11: Eine Box voller Pralinen
"Und was machen wir jetzt mit ihr?", fragte Christian.
"Wir können sie ja nicht ewig festhalten", meinte Teresa.
"Wieso nicht?", fragte ich. Wir hatten uns alle in der Sattelkammer gruppiert und diskutierten gerade darüber, was wir mit Marianna machen sollten.
"Wir könnten Herrn Romano Bescheid geben, dass sie hier ist und jemand sie abholen kann", schlug Luca vor. Ich nickte. Die Idee war gar nicht schlecht.
Wir gingen also wieder zurück zu Marianna, doch sie war nicht mehr allein.
"Hey!", beschwerte ich mich. "Ihr könnt uns doch nicht einfach unsere Gefangene klauen!" Okay, das war vielleicht nicht die beste Antrittsrede gegen den Feind, aber etwas besseres war mir auf die Schnelle nicht eingefallen. Sofort ging ich ein paar Schritte zurück, als die beiden Typen jeweils eine Pistole auf mich zielten. "Wieso werde eigentlich immer ich mit den gefährlichen Waffen bedroht?", fragte ich eingeschnappt.

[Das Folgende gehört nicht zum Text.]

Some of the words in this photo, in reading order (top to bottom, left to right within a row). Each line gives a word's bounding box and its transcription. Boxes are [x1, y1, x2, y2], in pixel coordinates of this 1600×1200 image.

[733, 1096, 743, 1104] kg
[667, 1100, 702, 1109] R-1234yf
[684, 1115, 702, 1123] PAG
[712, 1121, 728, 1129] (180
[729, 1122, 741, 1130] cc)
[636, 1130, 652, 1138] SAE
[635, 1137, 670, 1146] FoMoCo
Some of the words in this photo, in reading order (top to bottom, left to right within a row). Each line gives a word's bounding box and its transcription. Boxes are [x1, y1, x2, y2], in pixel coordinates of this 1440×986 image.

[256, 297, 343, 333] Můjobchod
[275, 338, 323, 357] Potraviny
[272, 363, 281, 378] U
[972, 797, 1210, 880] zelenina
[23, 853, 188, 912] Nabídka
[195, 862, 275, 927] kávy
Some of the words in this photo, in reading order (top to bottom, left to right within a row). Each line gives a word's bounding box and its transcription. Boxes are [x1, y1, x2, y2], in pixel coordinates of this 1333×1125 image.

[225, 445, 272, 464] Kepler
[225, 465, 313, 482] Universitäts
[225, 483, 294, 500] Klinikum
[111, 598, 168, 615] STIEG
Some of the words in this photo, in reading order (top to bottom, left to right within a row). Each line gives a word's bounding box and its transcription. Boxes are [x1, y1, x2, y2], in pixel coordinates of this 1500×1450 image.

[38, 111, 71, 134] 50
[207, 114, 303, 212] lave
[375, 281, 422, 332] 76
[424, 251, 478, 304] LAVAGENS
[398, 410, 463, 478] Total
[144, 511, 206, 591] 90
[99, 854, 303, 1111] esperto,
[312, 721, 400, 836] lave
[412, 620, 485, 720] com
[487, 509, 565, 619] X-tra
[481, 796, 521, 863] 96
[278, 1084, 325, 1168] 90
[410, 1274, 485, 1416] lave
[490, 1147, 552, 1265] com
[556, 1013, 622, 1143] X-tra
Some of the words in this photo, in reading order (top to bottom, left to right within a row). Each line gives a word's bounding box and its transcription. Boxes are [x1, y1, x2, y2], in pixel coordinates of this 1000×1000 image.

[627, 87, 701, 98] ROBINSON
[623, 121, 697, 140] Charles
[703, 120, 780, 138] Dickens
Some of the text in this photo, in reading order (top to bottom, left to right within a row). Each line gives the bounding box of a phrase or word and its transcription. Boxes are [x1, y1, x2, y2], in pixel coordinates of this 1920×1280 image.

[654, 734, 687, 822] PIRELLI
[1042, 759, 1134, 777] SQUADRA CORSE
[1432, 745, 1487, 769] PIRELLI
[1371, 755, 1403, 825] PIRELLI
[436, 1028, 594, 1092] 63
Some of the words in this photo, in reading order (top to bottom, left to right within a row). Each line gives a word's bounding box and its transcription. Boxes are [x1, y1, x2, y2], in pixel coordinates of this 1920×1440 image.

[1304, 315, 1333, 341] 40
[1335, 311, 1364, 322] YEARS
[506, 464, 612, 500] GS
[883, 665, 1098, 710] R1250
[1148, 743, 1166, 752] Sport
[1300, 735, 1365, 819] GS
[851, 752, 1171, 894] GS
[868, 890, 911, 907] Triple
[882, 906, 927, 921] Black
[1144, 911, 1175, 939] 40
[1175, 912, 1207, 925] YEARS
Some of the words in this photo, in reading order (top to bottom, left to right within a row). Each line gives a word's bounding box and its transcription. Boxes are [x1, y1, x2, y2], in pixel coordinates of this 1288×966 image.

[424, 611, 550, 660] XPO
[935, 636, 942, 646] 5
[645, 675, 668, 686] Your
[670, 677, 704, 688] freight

Marianna stand nun auf, da ihre Fesseln gelöst wurden. "Weil du die unerträglichste von allen bist, Alex", sagte sie und zwinkerte mir provokant zu. Ich schnaubte und sah nach oben, wo sie alle Drei gerade an einem Seil hochhangelten, und aufs Dach verschwanden.
"Verflucht!", fluchte ich. Jetzt war sie schon wieder auf freiem Fuß!
○●○
Ich stellte den vollen Korb neben die Waschmaschine und die Frau lächelte mich nett an. Sie gab mir dafür einen Korb mit frischer, nasser Wäsche. Ich durfte die jetzt schön aufhängen, dank Marianna. Was sollte ich schon den ganzen Tag im Wäscheraum? Da bekam man doch nichts mit!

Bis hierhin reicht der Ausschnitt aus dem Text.